Flash CS5 and MonoTouch aren’t so much cross-platform as meta-platforms. Adobe’s goal isn’t to help developers write iPhone apps. Adobe’s goal is to encourage developers to write Flash apps that run on the iPhone (and elsewhere) instead of writing iPhone-specific apps. Apple isn’t just ambivalent about Adobe’s goals in this regard — it is in Apple’s direct interest to thwart them.

So consider how this change affects the various parties involved:

Apple: Good, they maintain complete control over native iPhone OS app development.

Adobe and other producers of cross-device mobile meta-platforms: Terrible, because they can’t target today’s leading mobile platform. And they’ve wasted a tremendous amount of effort creating tools to generate iPhone apps.

Web developers: No change. The iPhone remains completely open to web apps. The difference between the web, as a competitor to native iPhone apps, from something like Flash is that the web is not controlled by anyone. There is no platform vendor for the web — and Apple has complete control over WebKit, its implementation for the web.

iPhone developers: No change. If you’re a developer and you’ve been following Apple’s advice, you will never even notice this rule. You’re already using Xcode, Objective-C, and WebKit. If you’re an iPhone developer and you are not following Apple’s advice, you’re going to get screwed eventually. If you are constitutionally opposed to developing for a platform where you’re expected to follow the advice of the platform vendor, the iPhone OS is not the platform for you. It never was. It never will be.

(And, in one sense, this is good news for existing iPhone developers: their skill set is now in even greater demand.)

Flash and C# developers: Bad news, if you were hoping to target the App Store with your products. If you want to write iPhone OS software, follow Apple’s advice, not Adobe’s or Microsoft’s.

iPhone users: I can see two arguments here. On the one side, this rule should be good for quality. Cross-platform software toolkits have never — ever — produced top-notch native apps for Apple platforms. Not for the classic Mac OS, not for Mac OS X, and not for iPhone OS. Such apps generally have been downright crummy. On the other hand, perhaps iPhone users will be missing out on good apps that would have been released if not for this rule, but won’t now. I don’t think iPhone OS users are going to miss the sort of apps these cross-platform toolkits produce, though.

My opinion is that iPhone users will be well-served by this rule. The App Store is not lacking for quantity of titles.

Consider, for one example, Amazon’s Kindle clients for iPhone OS and Mac OS X. The iPhone OS Kindle app is excellent, a worthy rival in terms of experience to Apple’s own iBooks. The Mac Kindle app is a turd that doesn’t look, feel, or behave like a real Mac app. The iPhone OS Kindle app is a native iPhone app, written in Cocoa Touch.
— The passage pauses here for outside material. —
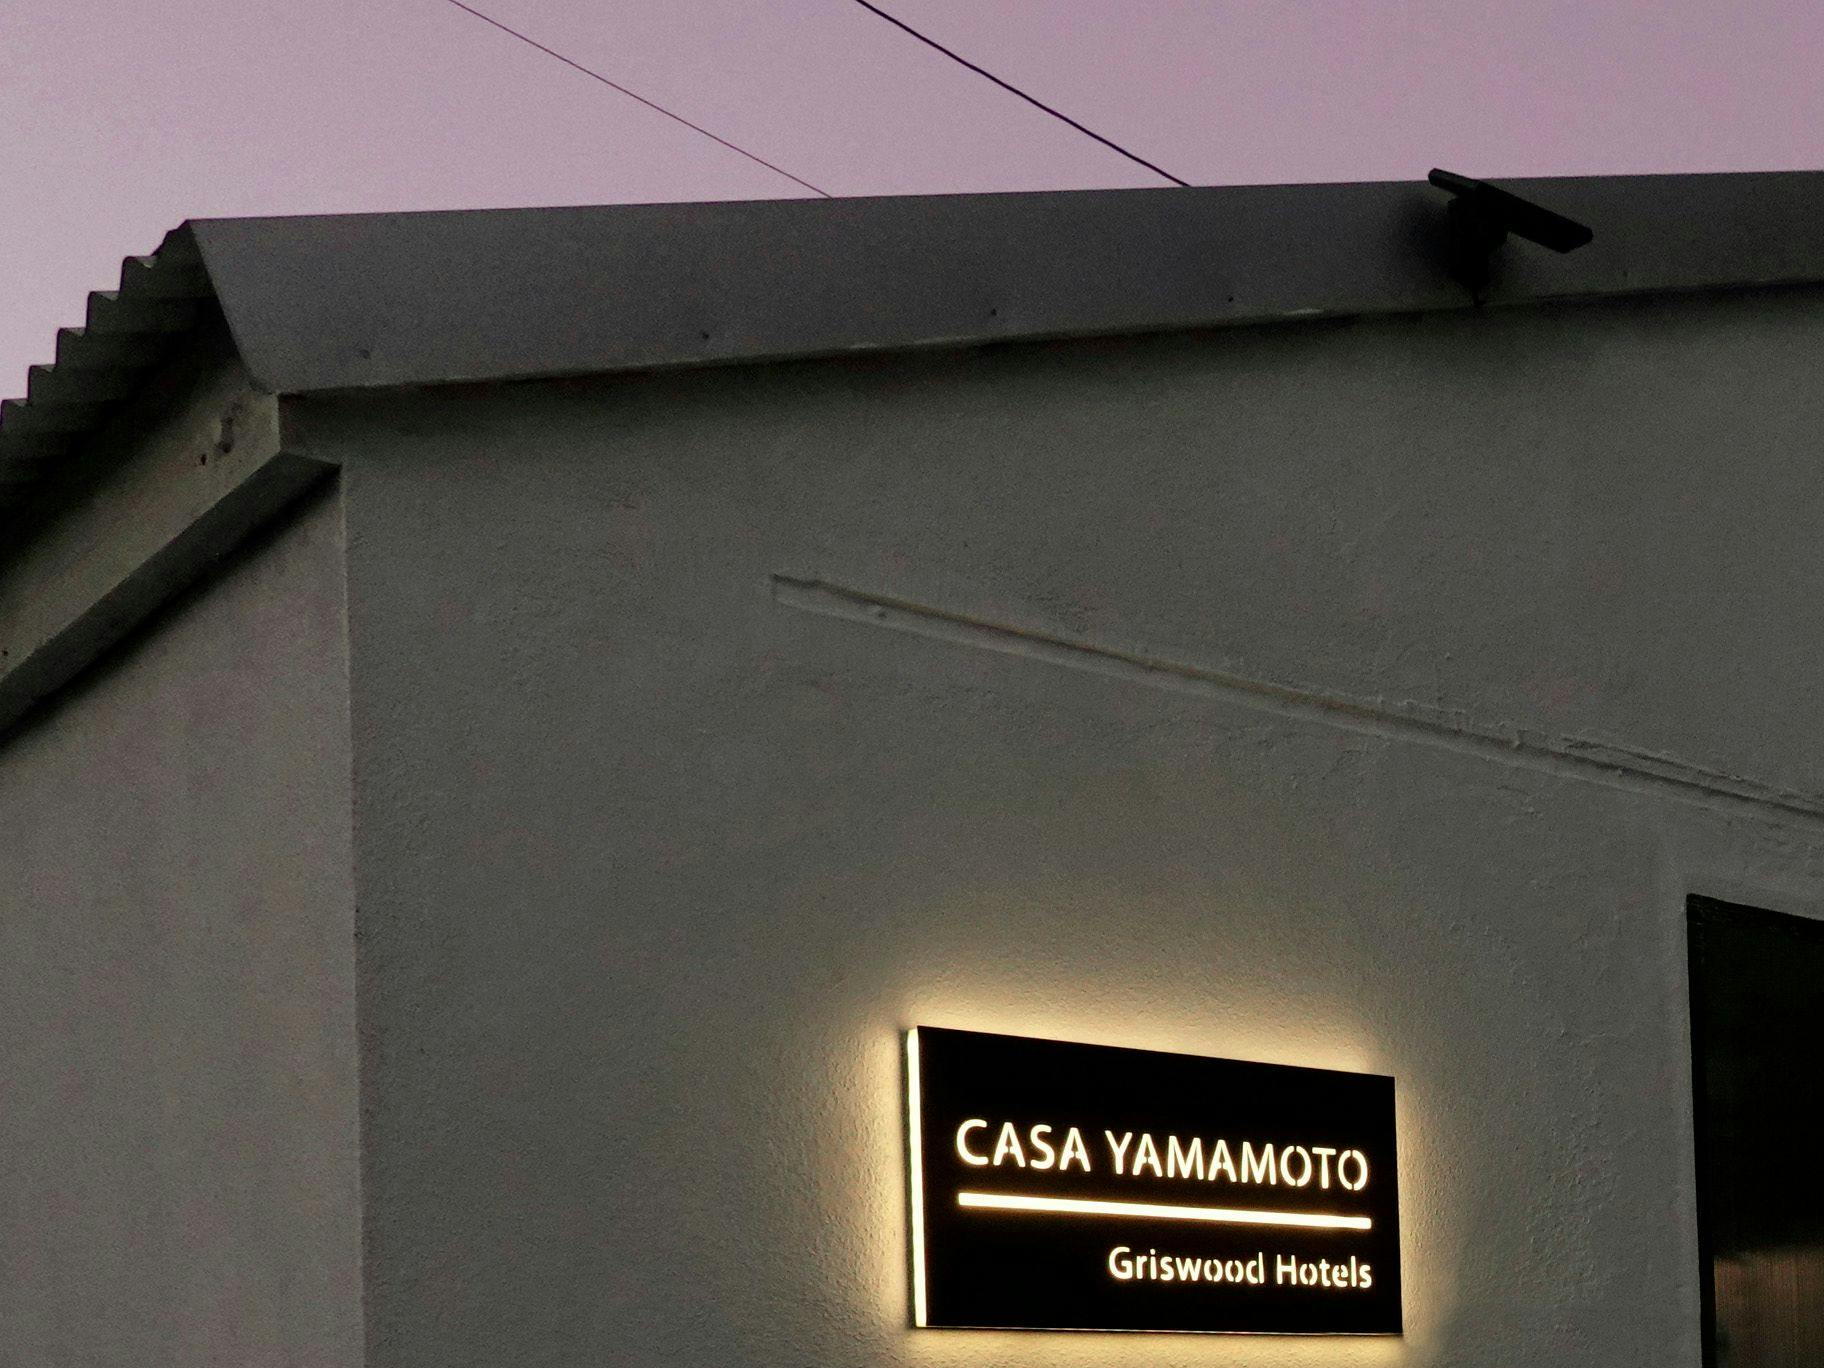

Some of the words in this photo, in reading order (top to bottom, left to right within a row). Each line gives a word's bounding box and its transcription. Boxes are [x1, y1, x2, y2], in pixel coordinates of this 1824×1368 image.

[955, 1118, 1092, 1173] CASA
[1104, 1129, 1369, 1192] YAMAMOTO
[1108, 1246, 1265, 1284] Griswood
[1276, 1252, 1373, 1289] Hotels
The Mac Kindle app was produced using the cross-platform Qt toolkit.
 

masta247

Well-Known Member
Staff member
#58
yeah that's what I mean - it was Apple's decision that probably does benefit them in some way but definitely makes life harder for its users - probably Apple knows that it won't be a deal breaker for most and is cocky like that. That's why I find it even more annoying.
 

masta247

Well-Known Member
Staff member
#60
Yeah because not being able to see many websites as well as any other Flash content which is basically everywhere is not making users' lives harder.